Poprawa funkcjonowania kanałów dialogu jest priorytetem dla rozwoju stosunków dwustronnych. Prezydenci Stanów Zjednoczonych i Polski spotkali się w Brukseli w czerwcu 2021 r., miały już miejsce także pierwsze kontakty między członkami obu rządów. Kolejnym etapem powinno być jak najszybsze zaplanowanie sesji Dialogu Strategicznego i dialogów sektorowych. Biorąc pod uwagę stopień zaawansowania programu szczepień w obu krajach, możliwe będzie zorganizowanie wizyt i konsultacji na wysokim szczeblu. Komunikację znacznie poprawi ponadto szybkie mianowanie nowego ambasadora USA w Polsce.

Innym krótkoterminowym zadaniem jest rozwianie obaw Polski i innych krajów regionu związanych z polityką USA wobec Nord Stream 2Państwa Europy Środkowo-Wschodniej do pewnego stopnia rozumieją potrzebę USA zwrócenia się do Niemiec jako kluczowego gracza gospodarczego w UE i ważnego partnera w planach administracji Bidena dotyczących Chin.
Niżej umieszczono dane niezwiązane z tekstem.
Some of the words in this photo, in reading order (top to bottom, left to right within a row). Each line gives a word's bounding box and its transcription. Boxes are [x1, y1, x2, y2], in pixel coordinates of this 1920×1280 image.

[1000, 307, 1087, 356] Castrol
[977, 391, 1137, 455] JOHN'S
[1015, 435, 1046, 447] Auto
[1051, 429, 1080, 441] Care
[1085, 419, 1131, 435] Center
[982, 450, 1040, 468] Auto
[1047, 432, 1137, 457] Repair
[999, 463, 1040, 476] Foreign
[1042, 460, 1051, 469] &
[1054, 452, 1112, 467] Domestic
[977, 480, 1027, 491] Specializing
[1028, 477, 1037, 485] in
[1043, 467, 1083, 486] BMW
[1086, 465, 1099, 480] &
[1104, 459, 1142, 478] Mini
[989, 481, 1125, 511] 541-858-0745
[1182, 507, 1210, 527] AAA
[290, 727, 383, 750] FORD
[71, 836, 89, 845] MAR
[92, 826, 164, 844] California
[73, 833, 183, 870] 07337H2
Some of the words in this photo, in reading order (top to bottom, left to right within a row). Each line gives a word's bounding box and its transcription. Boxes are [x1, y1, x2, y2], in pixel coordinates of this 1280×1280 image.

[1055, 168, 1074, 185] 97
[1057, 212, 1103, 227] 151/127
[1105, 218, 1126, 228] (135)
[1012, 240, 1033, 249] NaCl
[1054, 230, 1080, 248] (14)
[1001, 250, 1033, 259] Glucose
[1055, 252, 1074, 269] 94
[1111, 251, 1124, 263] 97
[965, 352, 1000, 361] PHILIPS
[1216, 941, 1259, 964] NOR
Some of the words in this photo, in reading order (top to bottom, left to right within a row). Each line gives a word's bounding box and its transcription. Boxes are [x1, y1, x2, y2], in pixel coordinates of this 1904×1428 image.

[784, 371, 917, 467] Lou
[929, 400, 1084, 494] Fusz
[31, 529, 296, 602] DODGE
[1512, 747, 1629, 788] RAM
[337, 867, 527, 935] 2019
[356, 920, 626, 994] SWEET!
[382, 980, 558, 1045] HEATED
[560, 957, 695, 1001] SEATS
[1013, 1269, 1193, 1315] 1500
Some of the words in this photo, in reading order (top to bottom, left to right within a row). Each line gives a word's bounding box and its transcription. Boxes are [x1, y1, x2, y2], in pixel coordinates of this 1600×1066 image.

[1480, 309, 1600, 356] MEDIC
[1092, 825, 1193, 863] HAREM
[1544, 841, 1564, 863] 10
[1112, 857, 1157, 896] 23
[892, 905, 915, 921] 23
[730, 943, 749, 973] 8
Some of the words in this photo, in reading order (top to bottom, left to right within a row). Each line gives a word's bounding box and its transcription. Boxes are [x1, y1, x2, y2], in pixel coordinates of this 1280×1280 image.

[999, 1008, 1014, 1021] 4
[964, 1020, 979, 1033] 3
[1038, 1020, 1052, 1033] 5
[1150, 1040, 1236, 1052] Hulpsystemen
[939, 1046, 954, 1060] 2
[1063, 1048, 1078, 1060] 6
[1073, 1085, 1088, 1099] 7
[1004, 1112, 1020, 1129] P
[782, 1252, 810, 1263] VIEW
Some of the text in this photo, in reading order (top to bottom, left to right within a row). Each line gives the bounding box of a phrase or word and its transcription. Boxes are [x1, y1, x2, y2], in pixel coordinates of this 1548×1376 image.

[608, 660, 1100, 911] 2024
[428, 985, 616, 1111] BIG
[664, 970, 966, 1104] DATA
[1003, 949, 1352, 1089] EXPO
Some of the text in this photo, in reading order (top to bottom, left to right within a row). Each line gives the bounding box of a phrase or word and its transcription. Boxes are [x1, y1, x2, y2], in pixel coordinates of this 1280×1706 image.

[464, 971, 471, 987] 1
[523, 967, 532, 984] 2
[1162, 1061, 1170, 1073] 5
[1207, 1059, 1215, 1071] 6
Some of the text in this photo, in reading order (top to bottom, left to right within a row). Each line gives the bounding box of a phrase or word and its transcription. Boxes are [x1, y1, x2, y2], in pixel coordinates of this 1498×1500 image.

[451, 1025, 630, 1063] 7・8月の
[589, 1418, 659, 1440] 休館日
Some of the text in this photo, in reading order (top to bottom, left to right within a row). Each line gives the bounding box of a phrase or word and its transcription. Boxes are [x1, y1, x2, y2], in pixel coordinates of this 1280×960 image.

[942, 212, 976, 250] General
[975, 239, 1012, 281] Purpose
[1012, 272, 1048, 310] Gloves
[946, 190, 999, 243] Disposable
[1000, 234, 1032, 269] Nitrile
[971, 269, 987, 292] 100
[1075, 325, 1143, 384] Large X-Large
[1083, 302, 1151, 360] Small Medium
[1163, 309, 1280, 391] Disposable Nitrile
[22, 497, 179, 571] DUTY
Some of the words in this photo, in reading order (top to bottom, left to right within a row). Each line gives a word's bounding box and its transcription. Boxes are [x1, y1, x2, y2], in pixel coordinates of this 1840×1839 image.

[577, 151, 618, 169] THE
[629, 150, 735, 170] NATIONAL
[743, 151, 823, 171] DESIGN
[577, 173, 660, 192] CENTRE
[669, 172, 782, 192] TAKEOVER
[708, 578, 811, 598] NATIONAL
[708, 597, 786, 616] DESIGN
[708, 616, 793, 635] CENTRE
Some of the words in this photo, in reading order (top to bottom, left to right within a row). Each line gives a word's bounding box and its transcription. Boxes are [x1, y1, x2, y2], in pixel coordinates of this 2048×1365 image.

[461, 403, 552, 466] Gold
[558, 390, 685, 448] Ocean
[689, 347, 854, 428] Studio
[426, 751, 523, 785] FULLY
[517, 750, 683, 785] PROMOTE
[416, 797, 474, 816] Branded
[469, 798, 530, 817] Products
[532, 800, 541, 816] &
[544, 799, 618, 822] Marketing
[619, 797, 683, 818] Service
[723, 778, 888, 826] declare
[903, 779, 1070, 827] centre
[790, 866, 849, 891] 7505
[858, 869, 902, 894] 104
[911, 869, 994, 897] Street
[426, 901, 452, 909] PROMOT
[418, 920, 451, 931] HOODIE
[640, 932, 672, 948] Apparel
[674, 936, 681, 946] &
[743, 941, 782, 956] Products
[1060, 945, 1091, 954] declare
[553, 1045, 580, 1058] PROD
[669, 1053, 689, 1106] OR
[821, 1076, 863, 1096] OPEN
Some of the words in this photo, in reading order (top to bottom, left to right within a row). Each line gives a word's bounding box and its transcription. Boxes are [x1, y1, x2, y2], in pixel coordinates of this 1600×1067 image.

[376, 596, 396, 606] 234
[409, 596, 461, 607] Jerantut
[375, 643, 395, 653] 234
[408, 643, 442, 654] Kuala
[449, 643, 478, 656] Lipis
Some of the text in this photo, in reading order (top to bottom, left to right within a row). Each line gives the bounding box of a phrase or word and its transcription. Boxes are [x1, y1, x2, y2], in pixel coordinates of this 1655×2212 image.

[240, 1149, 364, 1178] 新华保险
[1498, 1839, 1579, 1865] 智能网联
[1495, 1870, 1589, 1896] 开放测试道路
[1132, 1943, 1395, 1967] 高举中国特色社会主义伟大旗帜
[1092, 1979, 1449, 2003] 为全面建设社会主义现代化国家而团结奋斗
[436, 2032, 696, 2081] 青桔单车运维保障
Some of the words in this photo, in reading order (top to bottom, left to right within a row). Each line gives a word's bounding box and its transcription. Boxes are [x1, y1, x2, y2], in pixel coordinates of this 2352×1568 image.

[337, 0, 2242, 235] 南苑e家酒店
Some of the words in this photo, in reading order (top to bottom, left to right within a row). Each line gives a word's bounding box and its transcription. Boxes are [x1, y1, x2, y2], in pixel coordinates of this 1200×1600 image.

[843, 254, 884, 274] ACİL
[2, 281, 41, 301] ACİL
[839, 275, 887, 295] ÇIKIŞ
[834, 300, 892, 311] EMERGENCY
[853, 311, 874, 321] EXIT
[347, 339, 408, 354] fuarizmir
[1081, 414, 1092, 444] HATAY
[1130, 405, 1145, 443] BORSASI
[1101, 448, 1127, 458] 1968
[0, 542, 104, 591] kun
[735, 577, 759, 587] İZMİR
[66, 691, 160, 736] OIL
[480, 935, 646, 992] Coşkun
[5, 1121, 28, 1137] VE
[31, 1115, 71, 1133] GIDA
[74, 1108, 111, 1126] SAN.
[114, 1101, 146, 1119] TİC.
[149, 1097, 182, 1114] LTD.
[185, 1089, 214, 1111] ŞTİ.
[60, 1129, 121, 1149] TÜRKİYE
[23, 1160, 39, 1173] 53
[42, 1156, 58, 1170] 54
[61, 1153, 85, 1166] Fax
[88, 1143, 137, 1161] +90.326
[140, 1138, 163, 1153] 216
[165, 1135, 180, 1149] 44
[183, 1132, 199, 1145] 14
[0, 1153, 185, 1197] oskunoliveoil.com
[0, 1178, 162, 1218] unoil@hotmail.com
Ustępstwo poczynione przez USA w sprawie NS2 jest postrzegane jako istotny element służący poprawie stosunków amerykańsko-niemieckich. Choć odwrócenie decyzji administracji Bidena – czyli nałożenie pełnych sankcji na NS2 – byłoby najbardziej pożądanym rozwiązaniem dla większości państw Europy Środkowo-Wschodniej, jest to mało prawdopodobne. Państwa regionu z pewnością z uwagą będą śledzić przebieg prac Kongresu nad poprawką do ustaw budżetowych na rok fiskalny 2022. Poprawka, którą w lipcu br. przedstawili kongresmeni obu partii – Marcy Kaptur i Andy Harris, ma wymusić na administracji nałożenie pełnego wachlarza sankcji na podmioty zaangażowane w budowę NS2. Jednocześnie, aby rozwiać obawy dotyczące wpływu na bezpieczeństwo regionu, USA powinny przynajmniej potwierdzić wcześniejsze zobowiązania dotyczące wojskowej obecności w Europie Środkowo-Wschodniej. Sytuację pomoże uspokoić zwiększenie wsparcia USA i Niemiec dla Ukrainy, wzmocnienie potencjału odstraszania i odporności na wschodniej flance oraz wspólne zbadanie wpływu NS2 na bezpieczeństwo energetyczne i wojskowe regionu, a także uzgodnienie sposobów wyrównania deficytu bezpieczeństwa poprzez konkretne projekty i zobowiązania.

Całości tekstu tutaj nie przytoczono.